• Records
# # #
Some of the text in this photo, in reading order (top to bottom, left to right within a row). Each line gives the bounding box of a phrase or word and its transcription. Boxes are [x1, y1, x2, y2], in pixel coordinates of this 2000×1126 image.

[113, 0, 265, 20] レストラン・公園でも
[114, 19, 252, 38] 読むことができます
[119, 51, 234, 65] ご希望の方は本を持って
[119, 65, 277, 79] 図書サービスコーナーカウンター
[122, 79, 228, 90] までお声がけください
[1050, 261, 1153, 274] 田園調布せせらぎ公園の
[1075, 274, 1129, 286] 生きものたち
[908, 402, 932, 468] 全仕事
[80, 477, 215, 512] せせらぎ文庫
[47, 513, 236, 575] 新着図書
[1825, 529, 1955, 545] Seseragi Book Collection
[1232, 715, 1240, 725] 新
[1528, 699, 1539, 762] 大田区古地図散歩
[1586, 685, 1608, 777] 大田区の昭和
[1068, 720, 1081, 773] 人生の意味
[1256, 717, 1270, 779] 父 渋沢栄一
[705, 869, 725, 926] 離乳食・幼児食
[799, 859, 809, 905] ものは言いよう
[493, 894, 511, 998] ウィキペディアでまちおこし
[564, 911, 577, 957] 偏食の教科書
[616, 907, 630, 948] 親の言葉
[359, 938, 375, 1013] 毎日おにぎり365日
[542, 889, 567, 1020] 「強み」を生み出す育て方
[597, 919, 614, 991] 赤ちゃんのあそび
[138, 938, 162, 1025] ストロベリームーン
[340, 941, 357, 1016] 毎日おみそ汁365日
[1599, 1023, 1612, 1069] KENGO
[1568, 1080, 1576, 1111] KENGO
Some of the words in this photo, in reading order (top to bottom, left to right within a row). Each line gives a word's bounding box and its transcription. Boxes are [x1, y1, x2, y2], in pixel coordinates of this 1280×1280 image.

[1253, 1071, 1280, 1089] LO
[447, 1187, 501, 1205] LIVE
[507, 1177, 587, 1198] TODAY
# # #
• Exercise brief
All entries are to be copied exactly as they read.

• Result for this task
Some of the text in this photo, in reading order (top to bottom, left to right within a row). Each line gives the bounding box of a phrase or word and its transcription. Boxes are [x1, y1, x2, y2], in pixel coordinates of this 2000×1126 image.

[113, 0, 265, 20] レストラン・公園でも
[114, 19, 252, 38] 読むことができます
[119, 51, 234, 65] ご希望の方は本を持って
[119, 65, 277, 79] 図書サービスコーナーカウンター
[122, 79, 228, 90] までお声がけください
[1050, 261, 1153, 274] 田園調布せせらぎ公園の
[1075, 274, 1129, 286] 生きものたち
[908, 402, 932, 468] 全仕事
[80, 477, 215, 512] せせらぎ文庫
[47, 513, 236, 575] 新着図書
[1825, 529, 1955, 545] Seseragi Book Collection
[1232, 715, 1240, 725] 新
[1528, 699, 1539, 762] 大田区古地図散歩
[1586, 685, 1608, 777] 大田区の昭和
[1068, 720, 1081, 773] 人生の意味
[1256, 717, 1270, 779] 父 渋沢栄一
[705, 869, 725, 926] 離乳食・幼児食
[799, 859, 809, 905] ものは言いよう
[493, 894, 511, 998] ウィキペディアでまちおこし
[564, 911, 577, 957] 偏食の教科書
[616, 907, 630, 948] 親の言葉
[359, 938, 375, 1013] 毎日おにぎり365日
[542, 889, 567, 1020] 「強み」を生み出す育て方
[597, 919, 614, 991] 赤ちゃんのあそび
[138, 938, 162, 1025] ストロベリームーン
[340, 941, 357, 1016] 毎日おみそ汁365日
[1599, 1023, 1612, 1069] KENGO
[1568, 1080, 1576, 1111] KENGO
Some of the words in this photo, in reading order (top to bottom, left to right within a row). Each line gives a word's bounding box and its transcription. Boxes are [x1, y1, x2, y2], in pixel coordinates of this 1280×1280 image.

[1253, 1071, 1280, 1089] LO
[447, 1187, 501, 1205] LIVE
[507, 1177, 587, 1198] TODAY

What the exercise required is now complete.